Recently, computational pathology startup Paige.AI received breakthrough device designation for their AI technology that aims to use deep learning to diagnose and classify several cancer types based on digitized histopathology slides licensed from Memorial Sloan Kettering Cancer Center. Breakthrough device designation is granted to technologies with the potential to provide significant advantages over existing standards for diagnosis or treatment of serious medical conditions.
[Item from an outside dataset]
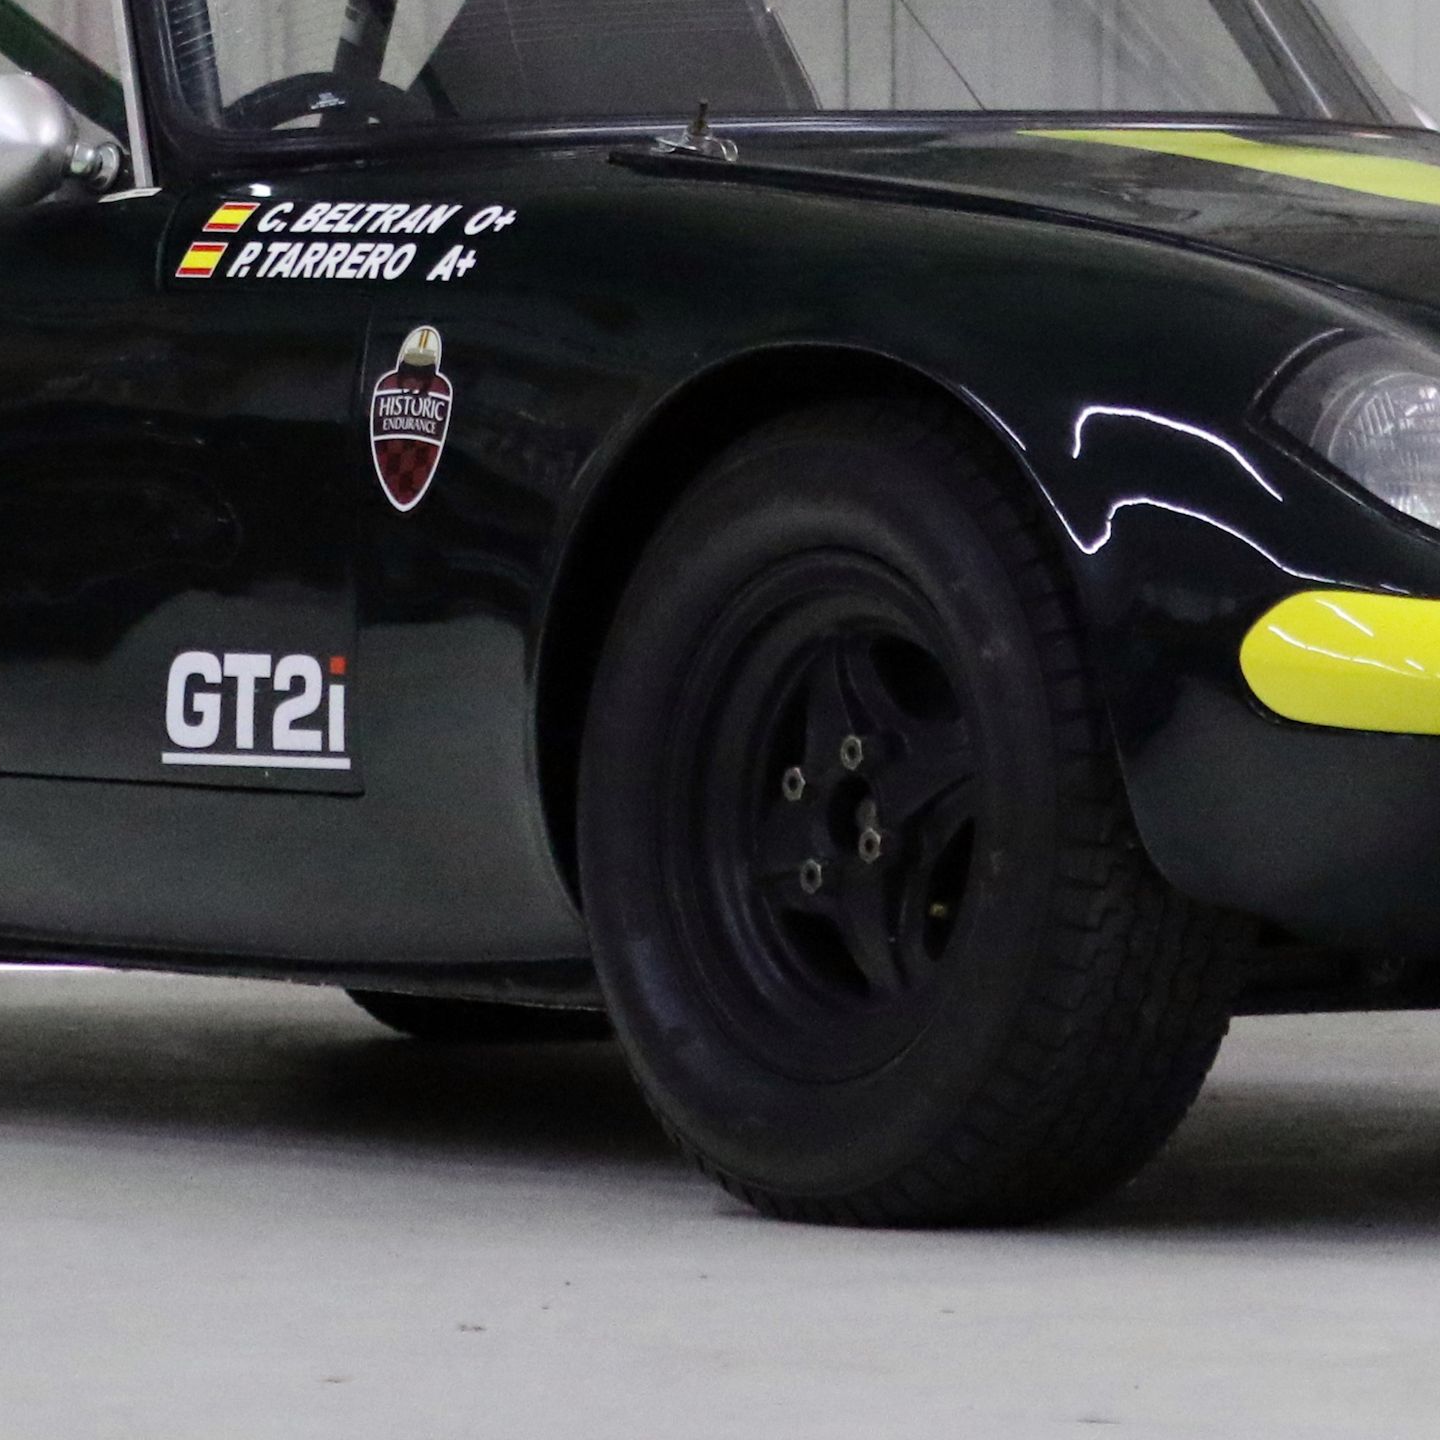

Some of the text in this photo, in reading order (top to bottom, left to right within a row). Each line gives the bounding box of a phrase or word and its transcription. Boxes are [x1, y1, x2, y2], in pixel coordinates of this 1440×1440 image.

[425, 245, 477, 281] A+
[379, 396, 445, 421] HISTORIC
[383, 417, 437, 434] ENDURANCE
[165, 650, 347, 752] GT2i
Some technologies are being marketed to consumers prior to regulatory approval. Smartphone applications, such as SkinVision, are using machine learning-based image analysis to assist in early detection of melanoma. Their algorithms use the size, shape, and color of skin lesions to predict melanoma risk. With 80 percent sensitivity and 78 percent specificity in detecting malignant conditions, the app was considered to be less accurate than a trained dermatologist.
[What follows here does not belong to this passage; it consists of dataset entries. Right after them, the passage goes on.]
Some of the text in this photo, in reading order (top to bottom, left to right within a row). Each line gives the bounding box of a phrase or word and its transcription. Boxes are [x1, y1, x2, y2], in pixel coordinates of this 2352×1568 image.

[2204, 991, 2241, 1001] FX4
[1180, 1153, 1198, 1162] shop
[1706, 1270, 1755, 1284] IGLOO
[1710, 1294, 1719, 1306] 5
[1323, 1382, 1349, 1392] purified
Limitations and ethical considerations
Despite millions of dollars being pumped into the prospect of integrating AI into the health care system, the technology is not without limitations. Firstly, an algorithm is only as good as the data from which it learns. Machine learning algorithms may develop racial, socioeconomic, or gender biases if they have not been trained on a diverse set of data. For instance, IBM’s AI-based clinical decision support system, Watson for Oncology, was trained on a US dataset but is increasingly used in Asia. Its treatment recommendations therefore vary in concordance from 49 percent to 83 percent from experts’ recommendations in Korea, China, Thailand, and India. A second limitation is the black box problem, wherein it is not always clear how an AI system learned to reach a particular output. This takes away autonomy from physicians who may be wary of trusting a system they do not fully understand. Thirdly, skepticism may stem from lack of clinical validation. Although several studies have demonstrated feasibility, the generalizability of AI systems has not been tested on large, heterogeneous, multi-center datasets. Lastly, clinicians grapple with ethical considerations involving protection of patient privacy and shouldering the blame in case of AI error.
AI-based cancer diagnostics show great promise in rapidly identifying certain types of cancers with high accuracy and specificity. However, for any new technology to be widely accepted it needs to be comparable to, if not better than, the existing standard of care. Currently, AI may only serve as a diagnostic aid in clinical decision-making. Without randomized clinical trials comparing AI with physicians on compliance with guidelines, improvements in patient outcomes, or cost savings, autonomous AI-powered cancer diagnostics remain a gleaming hope for the future.